Objective To study the effects of microRNA-139 (miR-139) regulating Notch signaling pathway on bone mesenchymal stem cells (BMSCs) homing and asthma airway inflammation. Methods Twenty-four SD rats were randomly divided into normal control group, model control group and BMSCs group. The rats were challenged with ovalbumin and then BMSCs were transplanted into the rats. Pathological changes in lung tissues were observed by HE staining. The expression of BMSCs marker C-X-C motif chemokine receptor 4 (CXCR4) in the lung tissues was examined by flow cytometry, and the expression of CXCR4 in bronchial epithelial cells was observed by immunofluorescence staining. The expression of interferon-γ (IFN-γ) and interleukins-4 (IL-4) were detected by ELISA, and the expression of Notch1, Jagged1 and Hes1 in the lung tissues were tested by Western blot analysis. Results Compared with the normal control group, the expression of CXCR4, IL-4, Notch1 and Hes1 in the lung tissues of the model control group increased significantly, and the ratio of Th1/Th2 cells and the level of miR-139 mRNA decreased. Compared with the model control group, the expression of CXCR4 in the lung tissues and bronchial epithelial cells increased, so were the ratio of Th1/Th2 cells and the level of miR-139 mRNA, while the expression of Notch1 and Hes1 decreased.
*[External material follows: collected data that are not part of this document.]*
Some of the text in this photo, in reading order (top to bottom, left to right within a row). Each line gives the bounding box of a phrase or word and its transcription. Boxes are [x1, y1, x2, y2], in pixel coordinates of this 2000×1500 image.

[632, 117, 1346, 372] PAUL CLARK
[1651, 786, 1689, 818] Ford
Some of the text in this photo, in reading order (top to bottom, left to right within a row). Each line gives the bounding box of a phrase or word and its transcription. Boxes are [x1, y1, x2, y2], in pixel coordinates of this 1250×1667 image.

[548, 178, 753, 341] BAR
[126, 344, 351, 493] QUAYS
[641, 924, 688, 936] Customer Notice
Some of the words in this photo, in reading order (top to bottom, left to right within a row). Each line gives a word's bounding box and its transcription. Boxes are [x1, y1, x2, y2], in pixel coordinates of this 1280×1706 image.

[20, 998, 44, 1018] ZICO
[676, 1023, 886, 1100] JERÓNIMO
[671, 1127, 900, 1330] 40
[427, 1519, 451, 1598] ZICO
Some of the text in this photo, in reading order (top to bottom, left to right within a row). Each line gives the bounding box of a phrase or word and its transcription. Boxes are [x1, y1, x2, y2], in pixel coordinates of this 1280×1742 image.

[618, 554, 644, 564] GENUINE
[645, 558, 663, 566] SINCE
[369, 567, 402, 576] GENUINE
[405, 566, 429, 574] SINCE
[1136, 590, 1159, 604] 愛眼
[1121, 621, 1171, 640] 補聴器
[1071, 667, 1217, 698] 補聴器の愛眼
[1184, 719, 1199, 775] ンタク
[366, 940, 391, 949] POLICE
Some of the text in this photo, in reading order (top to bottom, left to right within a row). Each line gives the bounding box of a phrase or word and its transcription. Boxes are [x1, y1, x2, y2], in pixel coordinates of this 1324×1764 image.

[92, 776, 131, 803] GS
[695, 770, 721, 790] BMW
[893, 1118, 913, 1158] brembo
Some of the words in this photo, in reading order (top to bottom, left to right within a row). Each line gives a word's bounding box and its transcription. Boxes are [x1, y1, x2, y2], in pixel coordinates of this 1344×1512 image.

Correlation analysis showed that the expression of CXCR4 in the lung tissues was positively correlated with the expression of CXCR4 in bronchial epithelial cells, the ratio of Th1/Th2 cells, and miR-139. The expression of CXCR4 in bronchial epithelial cells was positively correlated with the ratio of Th1/Th2 cells, the expression of miR-139, and negatively correlated with the expression of Notch1. The ratio of Th1/Th2 cells was positively correlated with the expression of miR-139. Conclusion miR-139 can down-regulate the Notch pathway and promote BMSCs homing in asthmatic lung tissues, thus suppressing the inflammatory response of Th2 cells through immune regulation.